Top of Given records
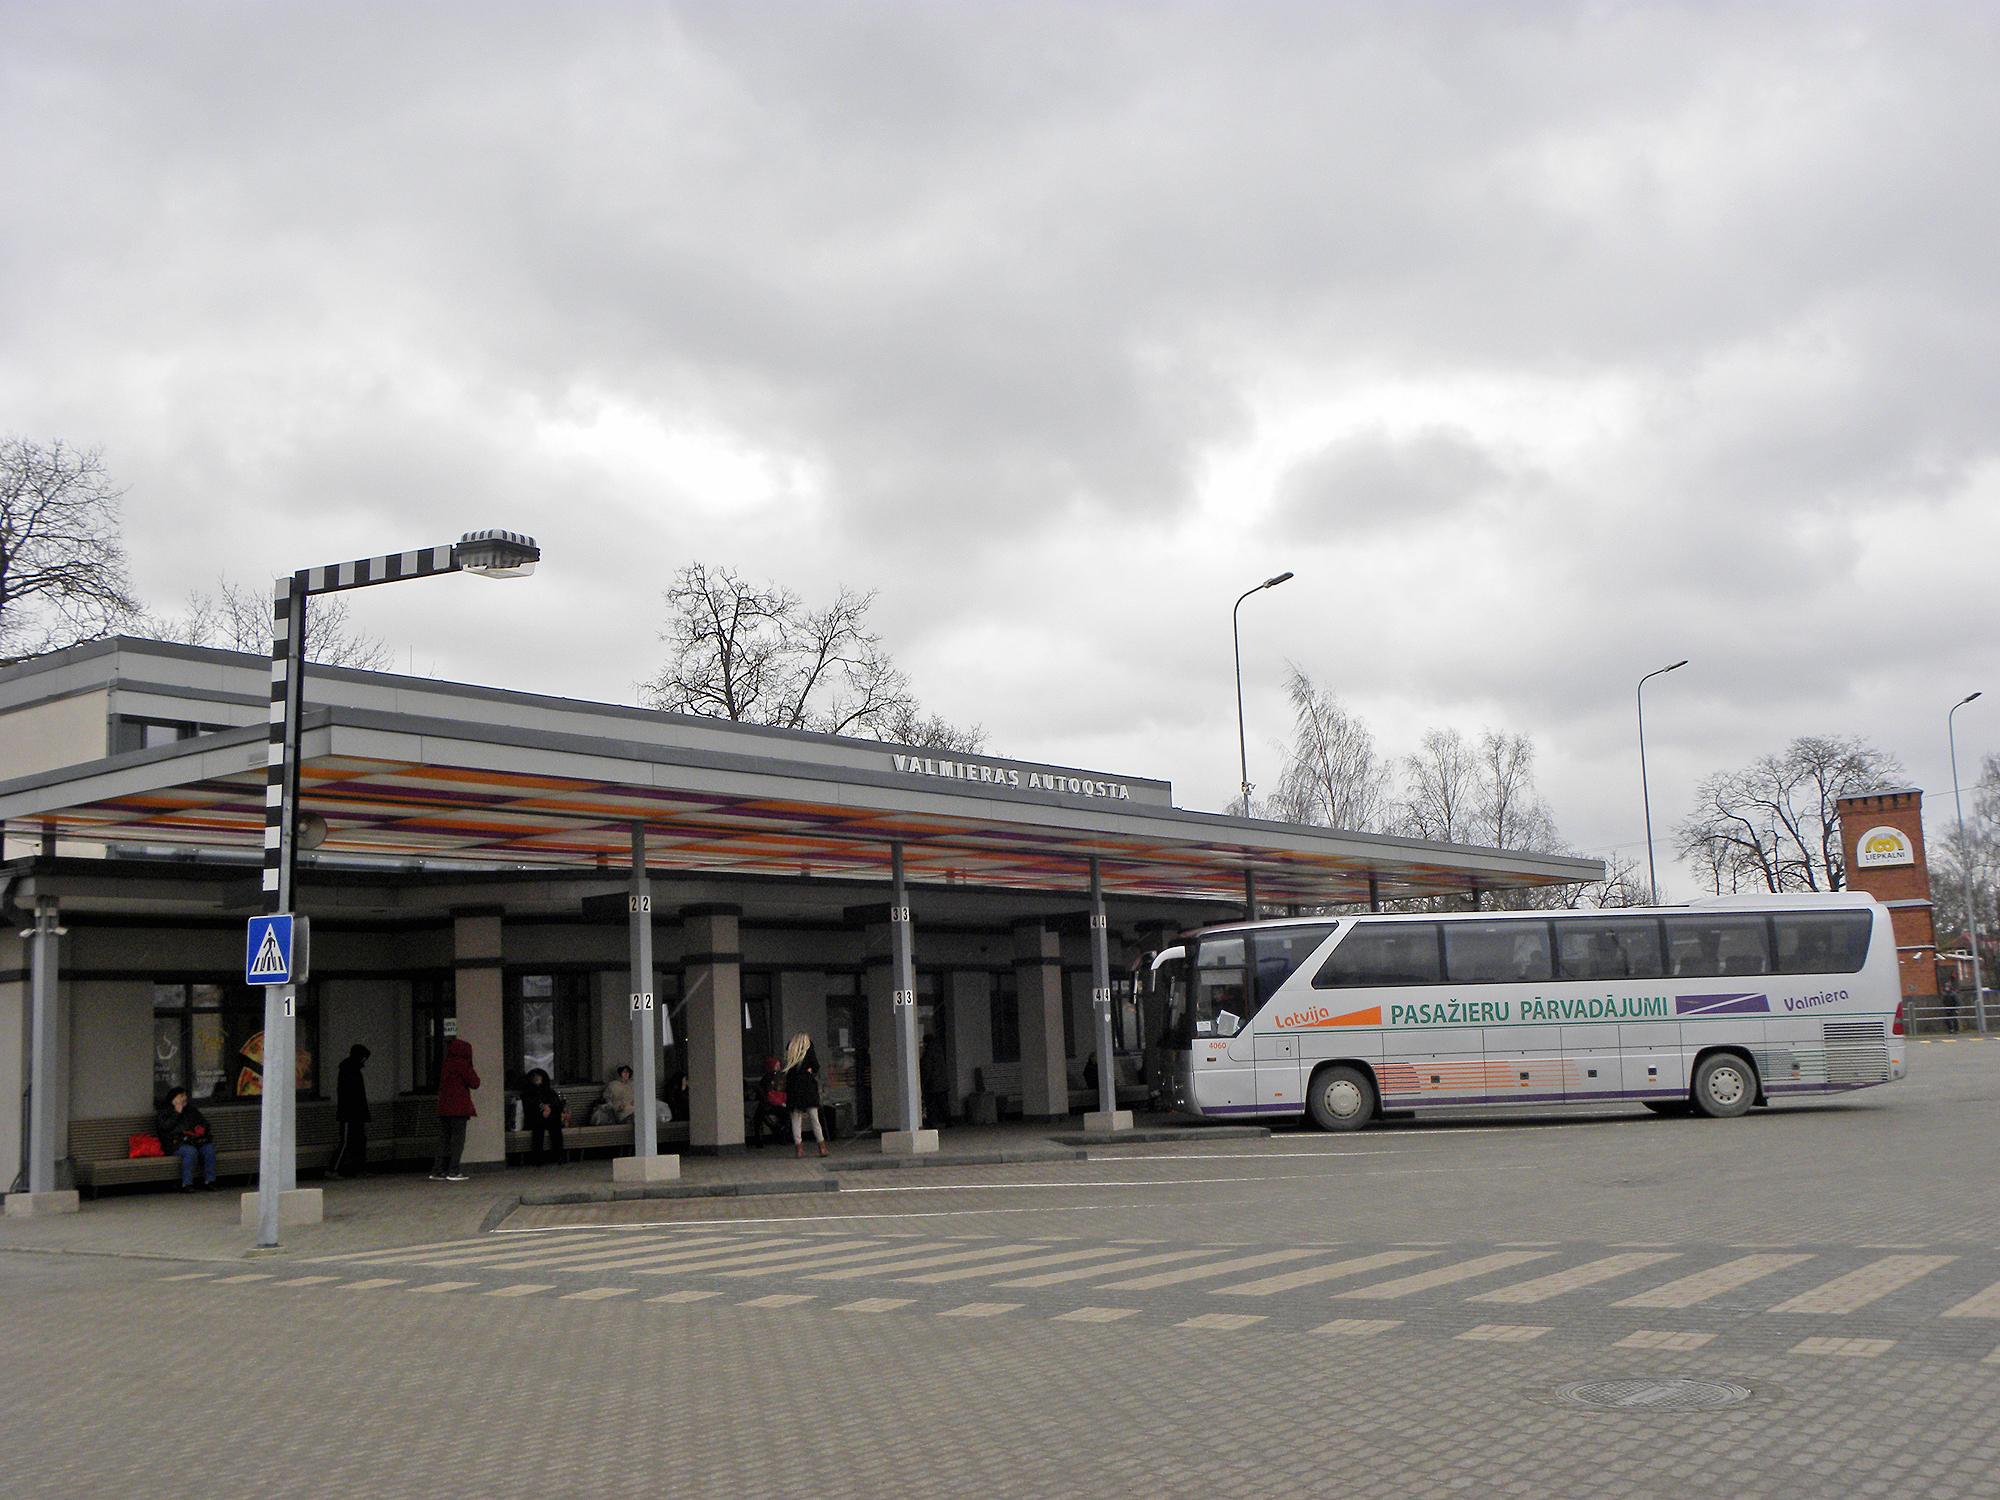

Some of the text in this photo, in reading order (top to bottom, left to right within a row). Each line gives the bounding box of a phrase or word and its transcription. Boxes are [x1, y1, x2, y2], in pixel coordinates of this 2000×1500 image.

[893, 754, 1130, 799] VALMIERAS AUTOOSTA
[1865, 851, 1905, 860] LIEPKALNI
[631, 896, 637, 911] 2
[643, 896, 649, 911] 2
[893, 908, 899, 920] 3
[903, 908, 909, 920] 3
[633, 994, 640, 1009] 2
[645, 994, 651, 1009] 2
[896, 992, 902, 1004] 3
[906, 991, 912, 1004] 3
[1784, 990, 1849, 1011] Valmiera
[285, 998, 290, 1015] 1
[1391, 994, 1667, 1024] PASAŽIERU PĀRVADĀJUMI
[1275, 1006, 1329, 1029] Latvija
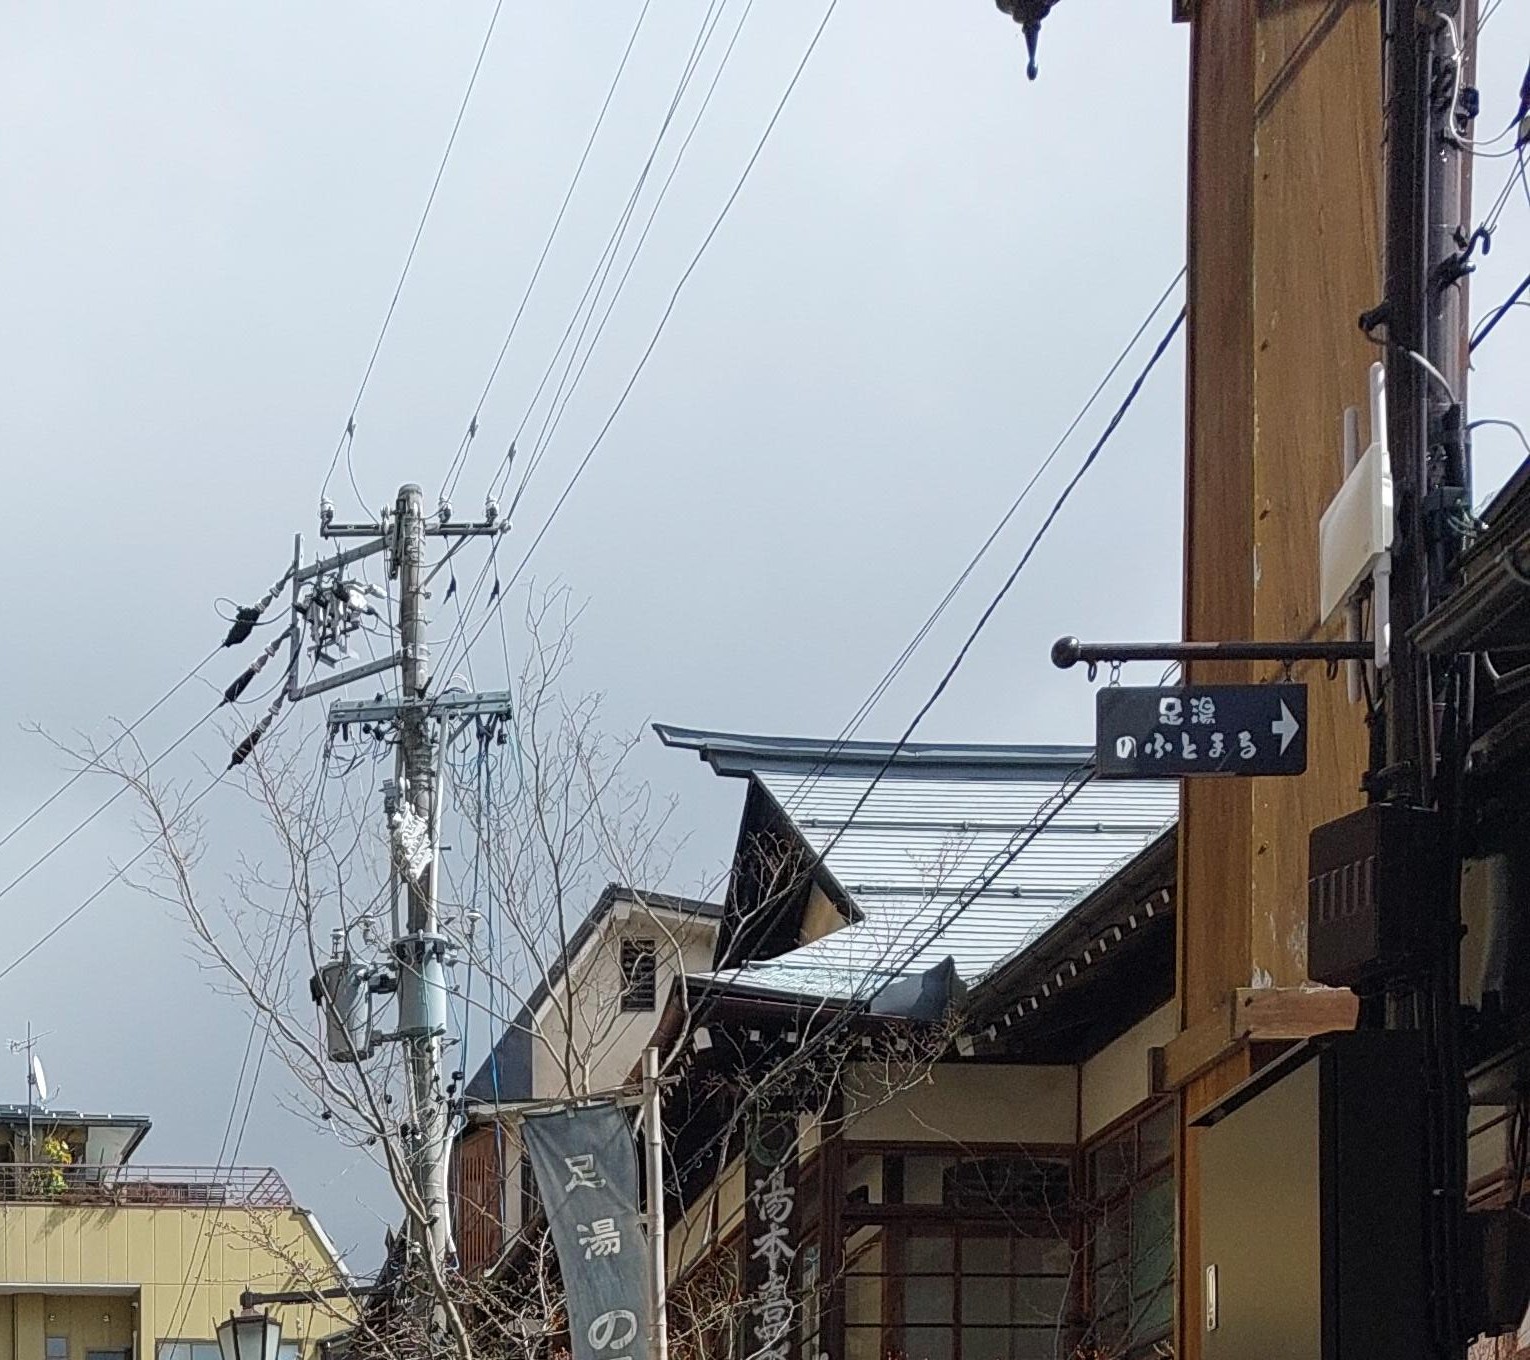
Bottom of Given records
### Work item
Would you write out each entry word for word and omit the images?

### Output of the exercise
Some of the text in this photo, in reading order (top to bottom, left to right within a row). Each line gives the bounding box of a phrase or word and its transcription. Boxes are [x1, y1, x2, y2], in pixel coordinates of this 2000×1500 image.

[893, 754, 1130, 799] VALMIERAS AUTOOSTA
[1865, 851, 1905, 860] LIEPKALNI
[631, 896, 637, 911] 2
[643, 896, 649, 911] 2
[893, 908, 899, 920] 3
[903, 908, 909, 920] 3
[633, 994, 640, 1009] 2
[645, 994, 651, 1009] 2
[896, 992, 902, 1004] 3
[906, 991, 912, 1004] 3
[1784, 990, 1849, 1011] Valmiera
[285, 998, 290, 1015] 1
[1391, 994, 1667, 1024] PASAŽIERU PĀRVADĀJUMI
[1275, 1006, 1329, 1029] Latvija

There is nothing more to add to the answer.